Von umfangreicher Arbeit auf dem Kreisjägerstand berichtete Anne Keicher. Joachim Binder informierte über die Arbeit in den vier Bläsergruppen der Kreisjägervereinigung und der Jugendobmann stellte den neuen Internetauftritt der KJV Hechingen vor. Schließlich hatte Schatzmeisterin Marlies Iro, an diesem Abend krankheitsbedingt verhindert, ein umfassendes Zahlenwerk aufgelistet, das ein leichtes Plus in der Kasse der Jäger kündigt.
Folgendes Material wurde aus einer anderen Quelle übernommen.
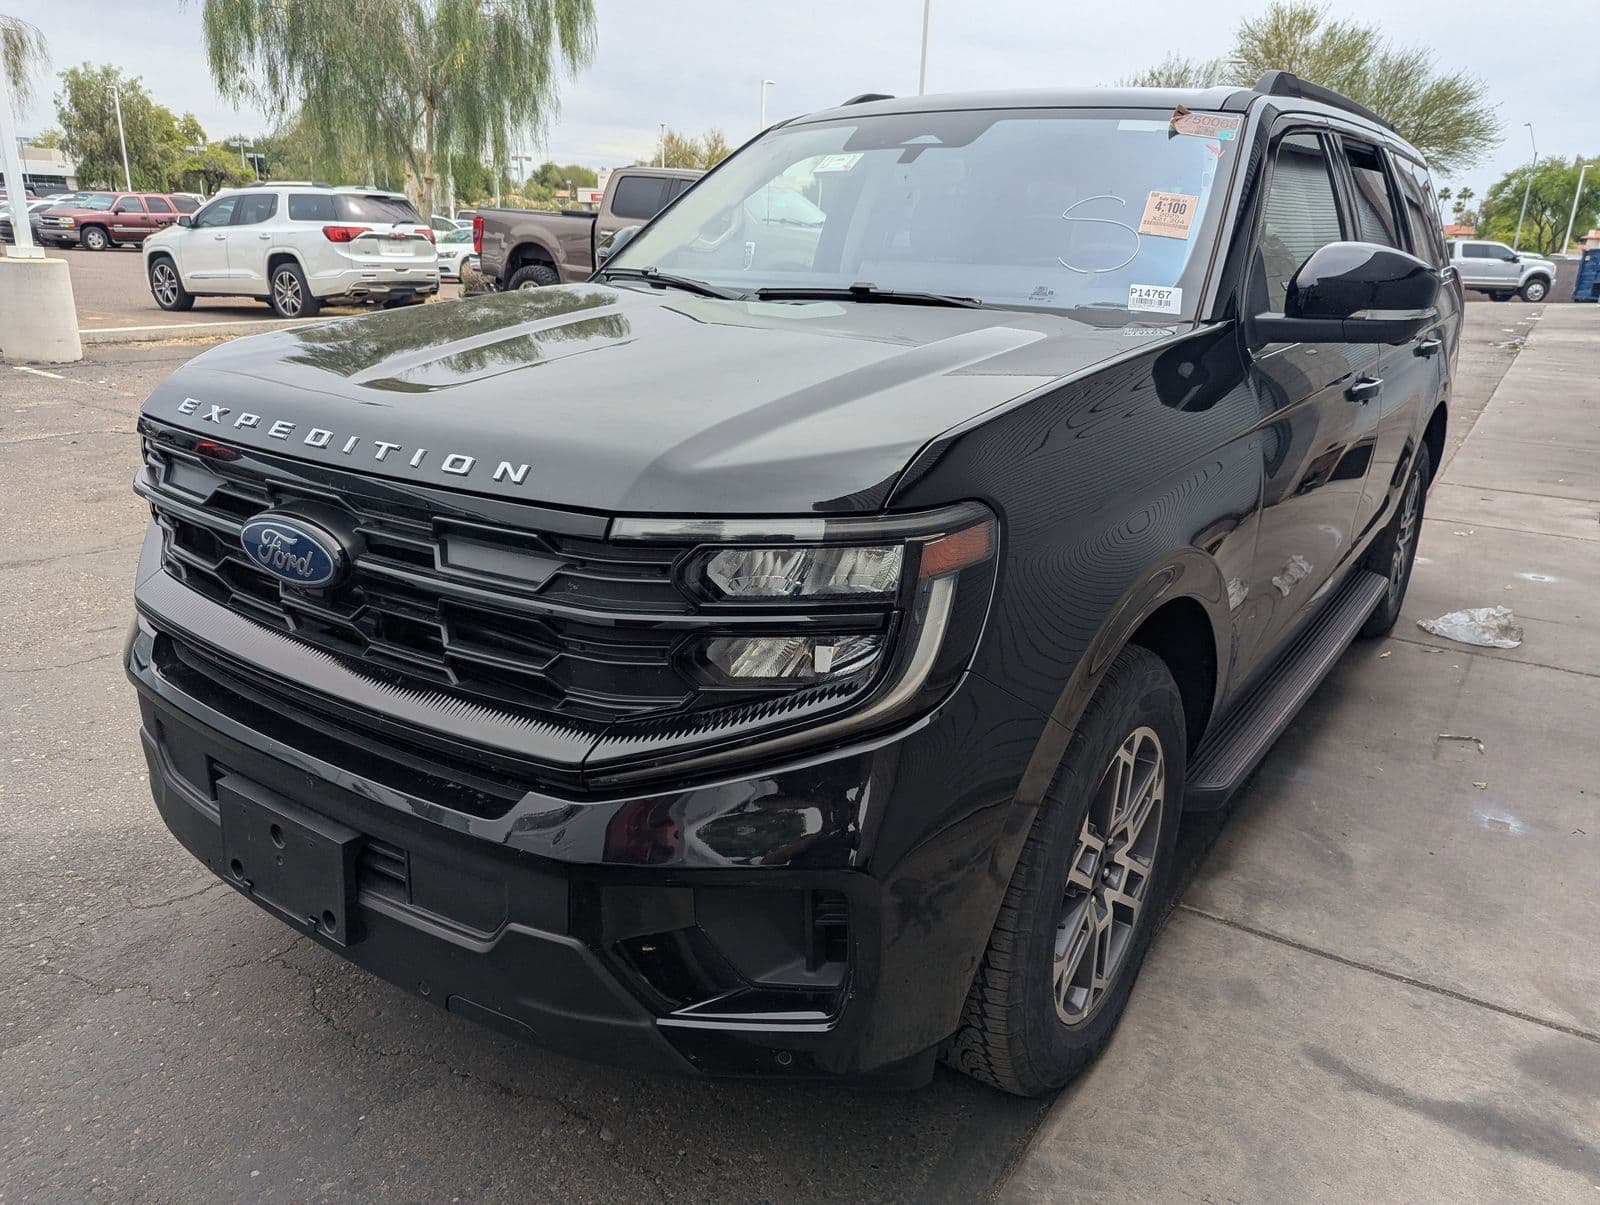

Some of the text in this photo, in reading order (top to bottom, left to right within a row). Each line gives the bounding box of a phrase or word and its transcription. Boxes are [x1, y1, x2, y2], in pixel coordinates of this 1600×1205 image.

[1154, 200, 1187, 215] 4:100
[1130, 288, 1172, 299] P14767
[177, 396, 532, 485] EXPEDITION
[257, 528, 314, 578] Ford
Sie und der Vorstand wurden einstimmig entlastet.

Nach Vorträgen von Gabriele Dehner über das Nationale Waffenregister und von Dr. Wilhelm Hornauer über das Veterinärwesen standen zahlreiche Ehrungen an.

Philipp Mößmer ist seit sechs Jahrzehnten Mitglied

Ehrungen Seit 25 Jahren Mitglied in der Kreisjägervereinigung Hechingen sind: Ursula Braun, Joachim Breimesser, Wolfgang Dehner, Theo Flad, Elisabeth Giunta, Friedrich Heinzelmann, Gerd Mayer, Markus Weiß und Roland Weiß. Seit 40 Jahren Mitglied sind Ludwig Flad und Karl-Heinz Schuler. 50 Jahre in der Kreisjägervereinigung aktiv sind Eugen Dehner, Rolf Higi, Wilhelm Hodler, Dr., Bernhard Keihl, Eberhard Lohrmann, Fritz Schock und Heinrich Trick. Auf 60-jährige Mitgliedschaft zurück blickt Philipp Mößmer aus Grosselfingen. Alle erhielten Nadel und Urkunde. 20 Jahre bei den Bläsern sind Diana Dieringer, Thomas Eger und Gebhard Kränzler. Den Jungjägerbrief erhielt Uwe Riester.